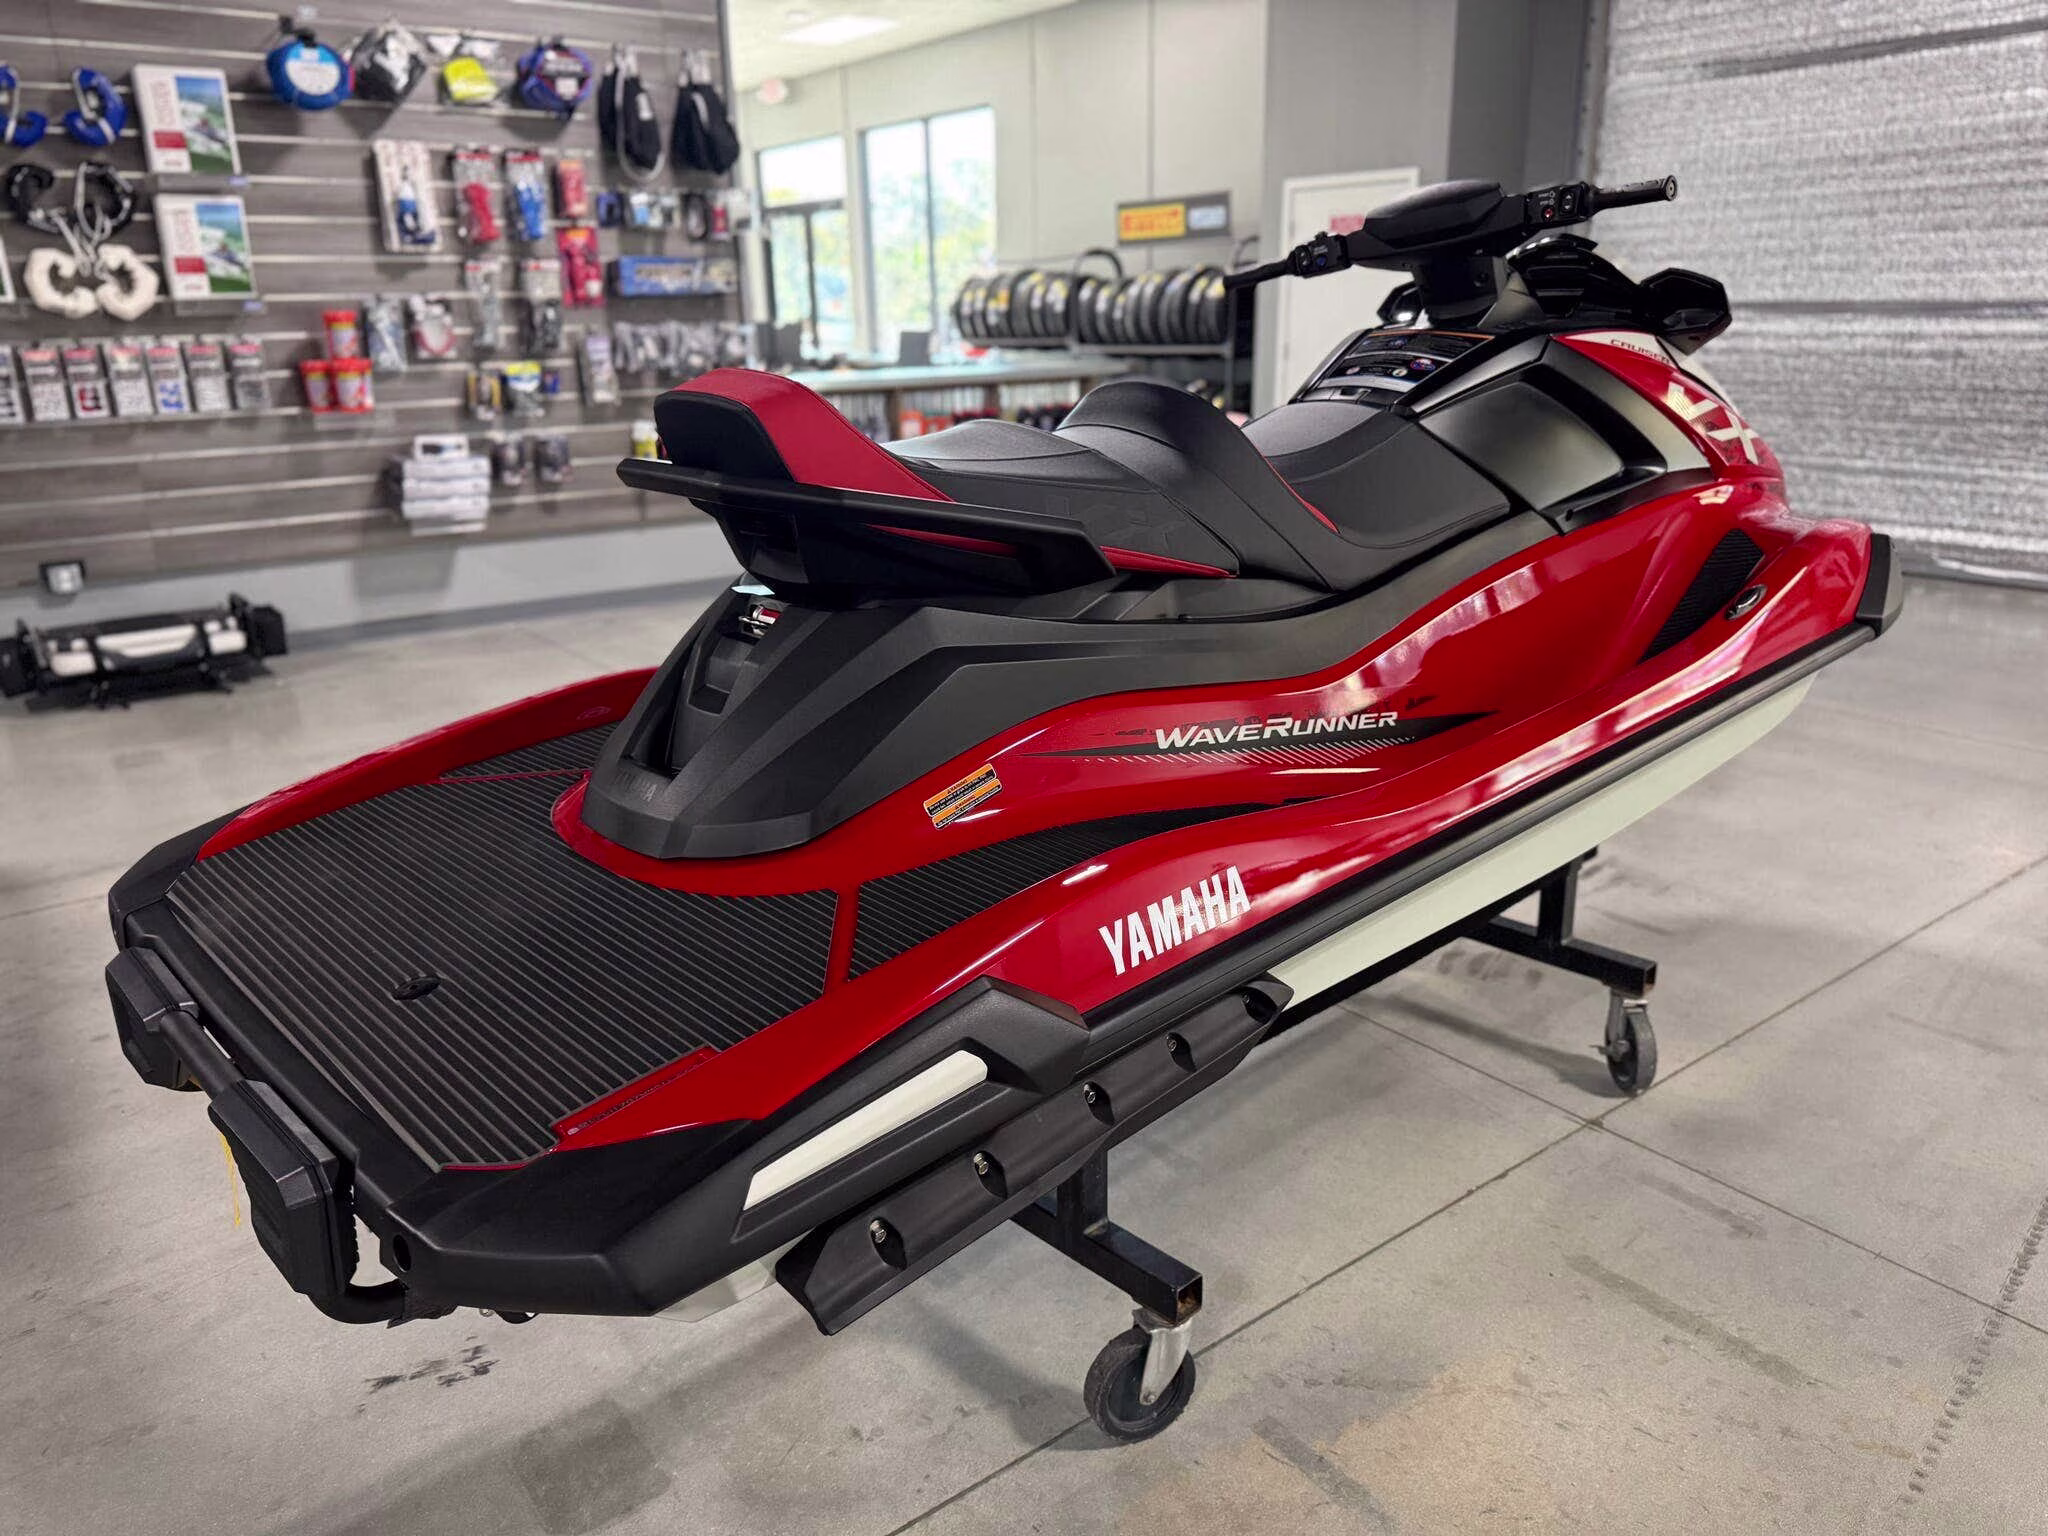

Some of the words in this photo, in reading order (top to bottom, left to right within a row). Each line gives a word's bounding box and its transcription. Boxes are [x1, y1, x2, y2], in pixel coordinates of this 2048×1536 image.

[1610, 339, 1670, 364] CRUISER
[1662, 381, 1759, 466] VX
[1098, 865, 1251, 976] YAMAHA
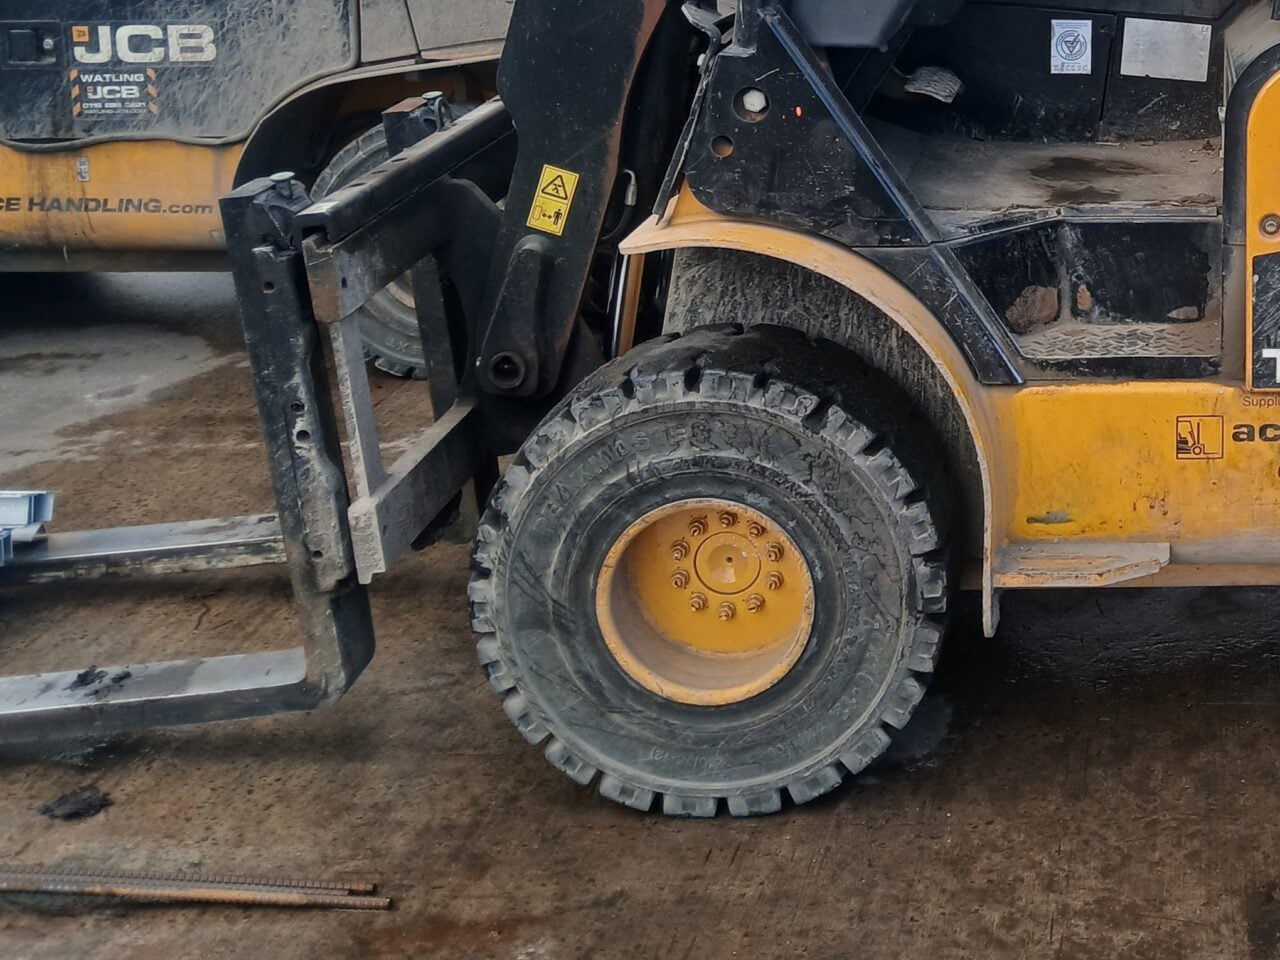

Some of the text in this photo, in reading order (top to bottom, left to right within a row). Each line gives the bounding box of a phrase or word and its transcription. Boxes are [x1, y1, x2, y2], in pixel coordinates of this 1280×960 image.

+ + + +

Write out the data again word for word, minus any images.

Solution for this task:
Some of the words in this photo, in reading order (top to bottom, left to right within a row). Each line gives a word's bounding box and its transcription. Boxes are [x1, y1, x2, y2], in pixel coordinates of this 2048×1536 image.

[1610, 339, 1670, 364] CRUISER
[1662, 381, 1759, 466] VX
[1098, 865, 1251, 976] YAMAHA

Some of the text in this photo, in reading order (top to bottom, left to right within a row). Each line gives the bounding box of a phrase or word and its transcription. Boxes are [x1, y1, x2, y2], in pixel coordinates of this 1280×960 image.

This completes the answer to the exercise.